A letter writer had it wrong, a reader says.

To the Editor,

Andrew Weaver makes two errors of scientific method in Tom Fletcher’s Sept. 14 column (B.C. Views, online, www.albernivalleynews.com).

He commits the error of endless extrapolation, as though there were no variation in causal factors and no negative feedback mechanisms.

Second, he fails to look into history – he uses only the period since the climate stopped cooling, which coincides with satellite data becaming available.

(Just prior to that, activists were trying to stampede politicians into controlling people in order to stop global cooling.)

How could the small wooden ship the St. Roch transit the true Northwest Passage several decades ago without the help of the powerful ice breakers that help ships today?

Archaeologists have identified driftwood on Greenland beaches now blocked by ice year round, and traced it back to the areas of the Yukon, Alaska, and Siberia, concluding that 6000 years ago the Arctic Ocean was open enough for ice to travel that far. And there’s evidence that polar bears survived through that period.

A thousand years ago the Vikings farmed Greenland, during what is called the “Medieval Warm Period”, according to archaeologists from the University of Alberta. They gave up a few hundred years later when the climate cooled, toward a low we may still be recovering from.

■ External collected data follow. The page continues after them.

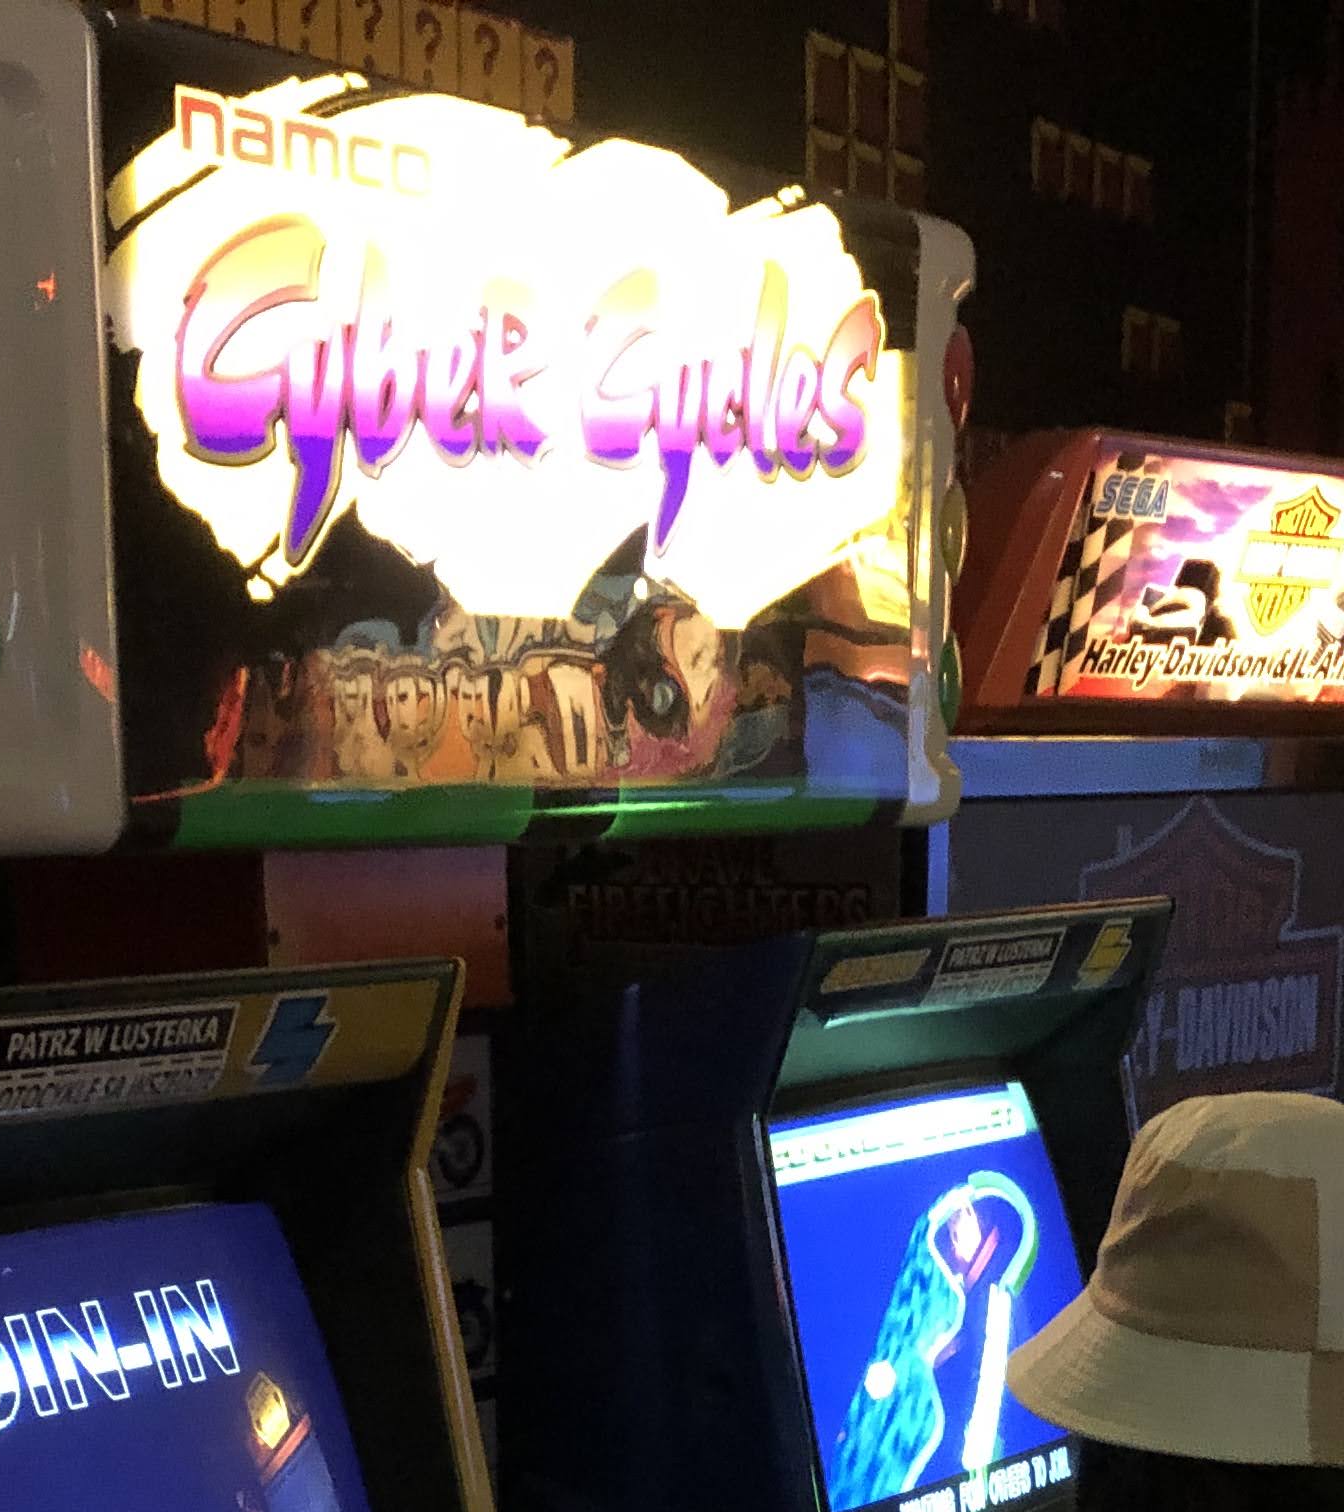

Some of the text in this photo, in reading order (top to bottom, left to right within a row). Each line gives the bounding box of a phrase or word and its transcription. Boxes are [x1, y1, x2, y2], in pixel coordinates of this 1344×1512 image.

[179, 95, 433, 198] namco
[1095, 473, 1170, 523] SEGA
[1078, 636, 1267, 690] Harley-Davidson
[6, 1014, 219, 1065] PATRZ W LUSTERKA
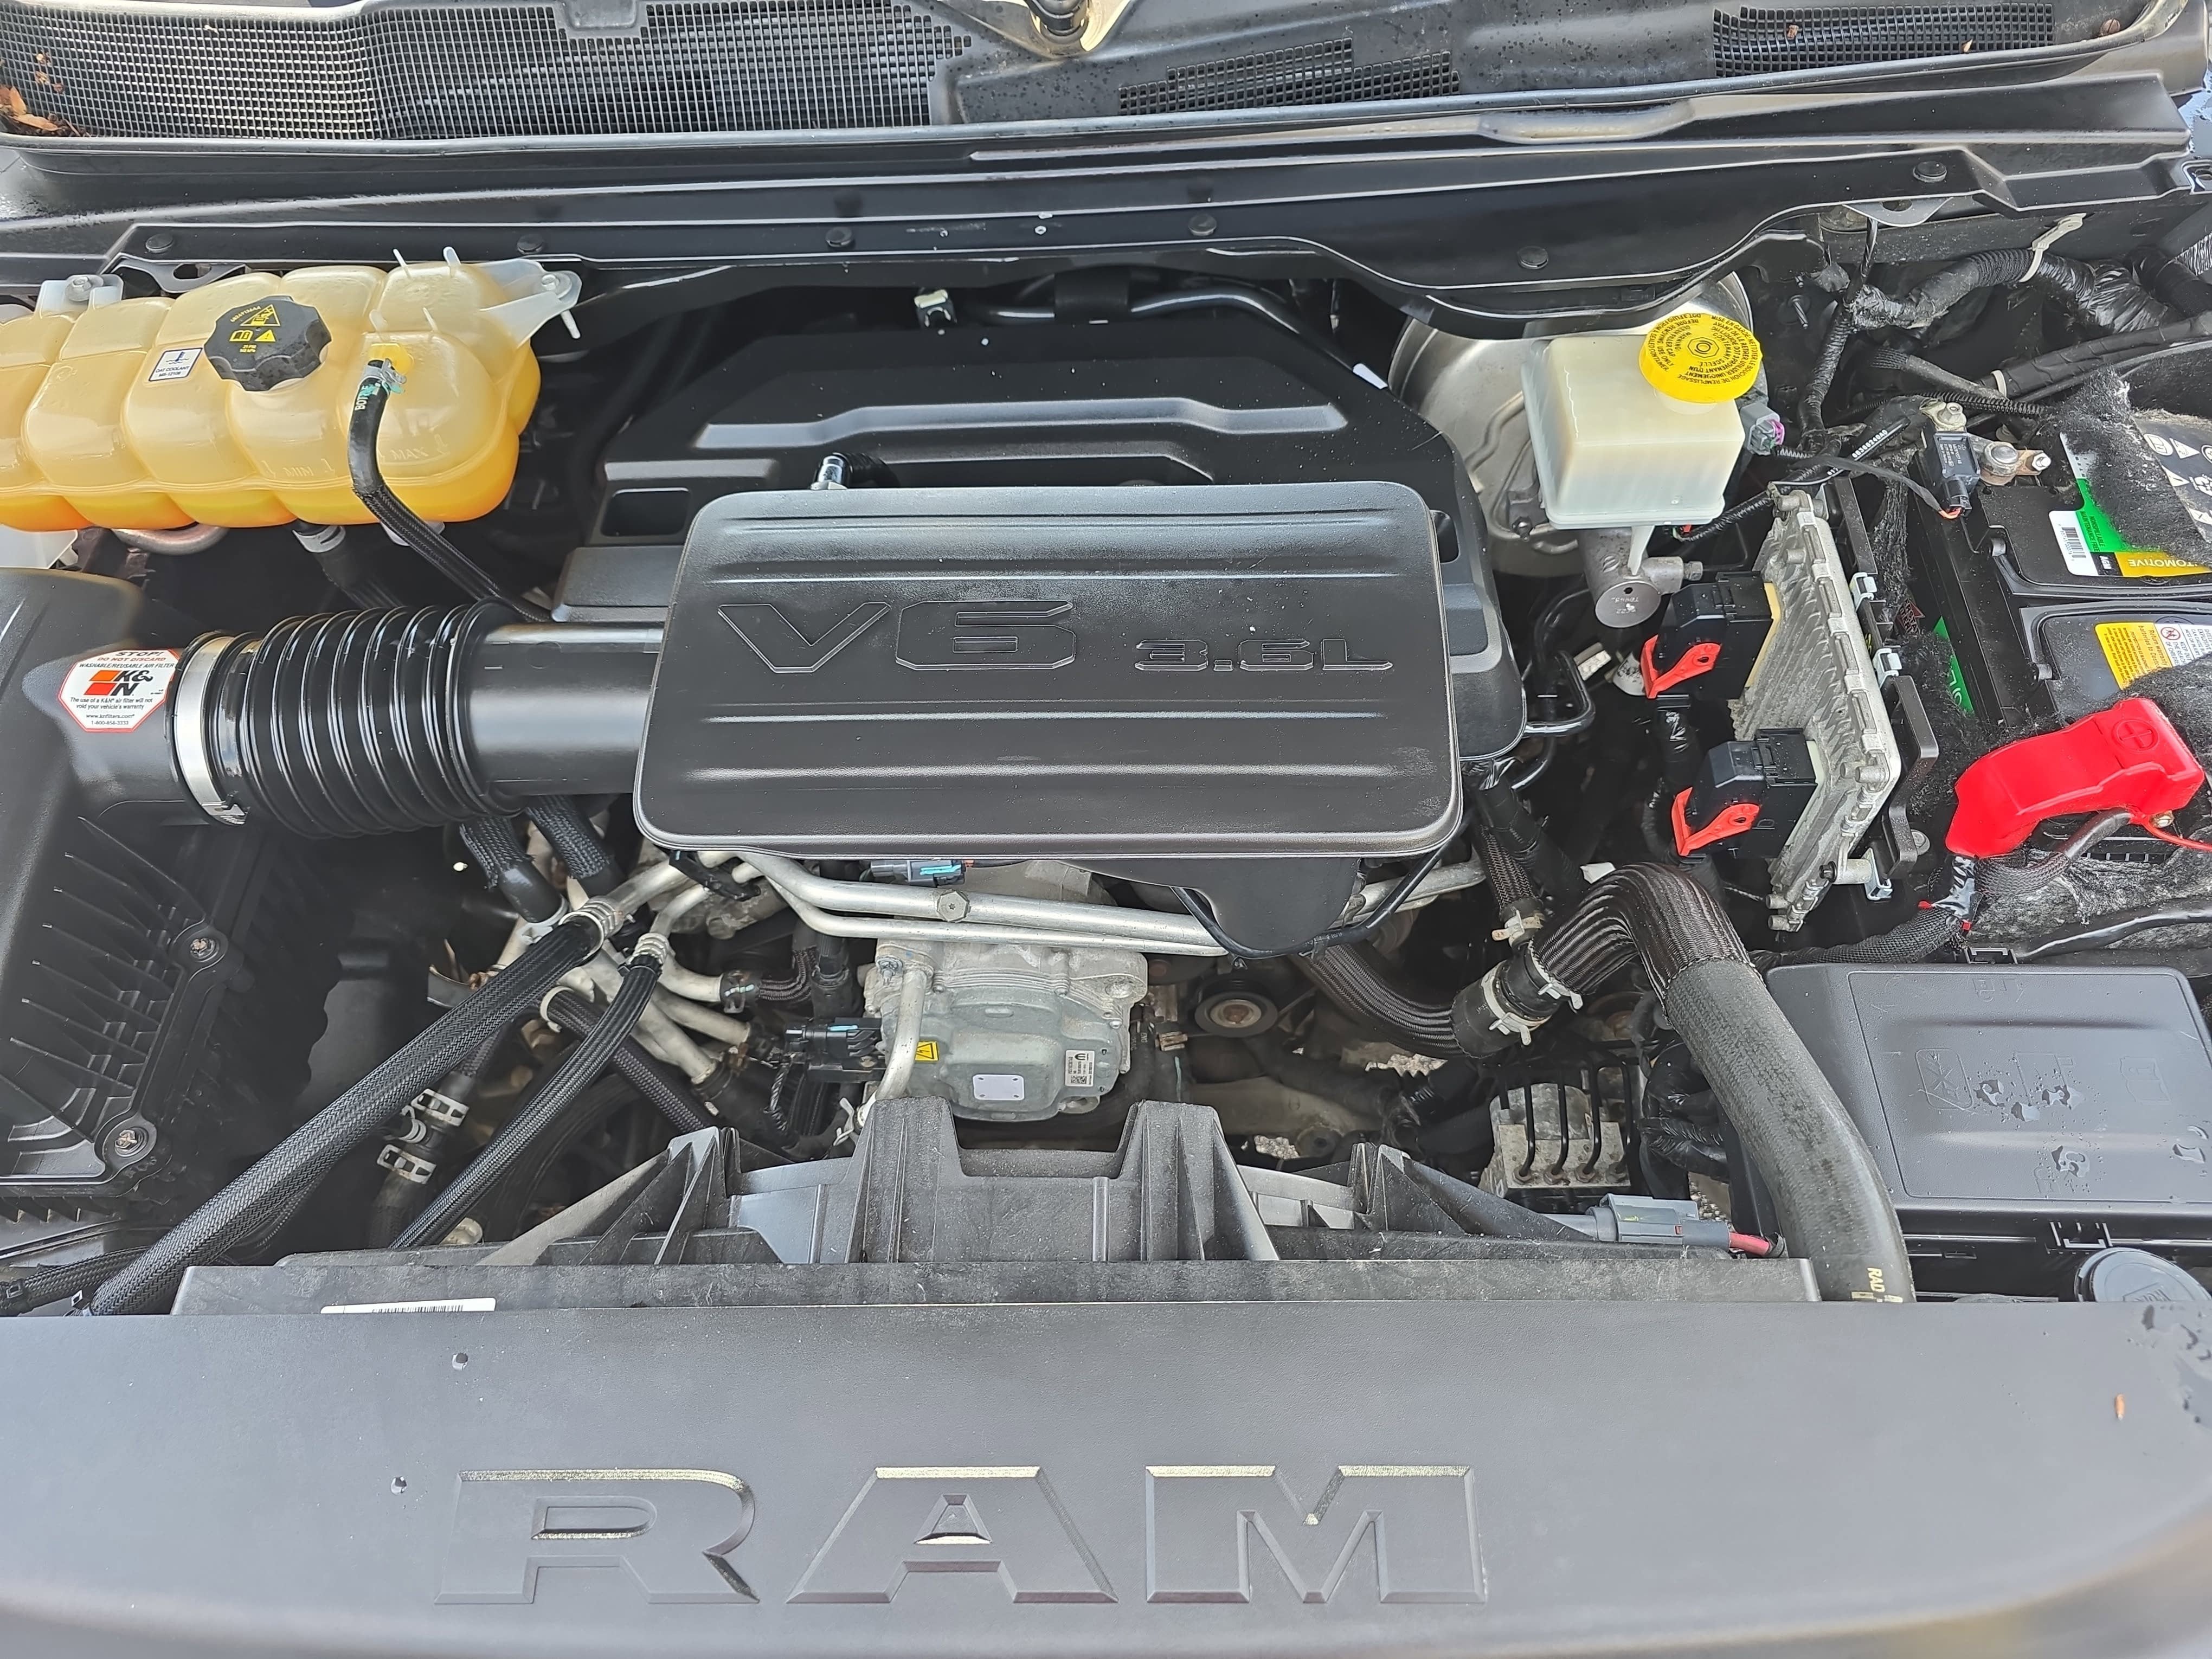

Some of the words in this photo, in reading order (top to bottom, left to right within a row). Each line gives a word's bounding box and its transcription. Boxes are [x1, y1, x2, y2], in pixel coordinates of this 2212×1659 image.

Weaver is well known as a promoter of the blame-humans theory of climate change. He and fellow alarmists deny a warmer climate existed several times in the past. They ignore fundamental discrepancies between their theories and the reality of sea level changing very slowly, middle atmosphere temperatures not following their predictions, and water vapour changes.

Why does anyone listen to the unscientific negativity of such academics?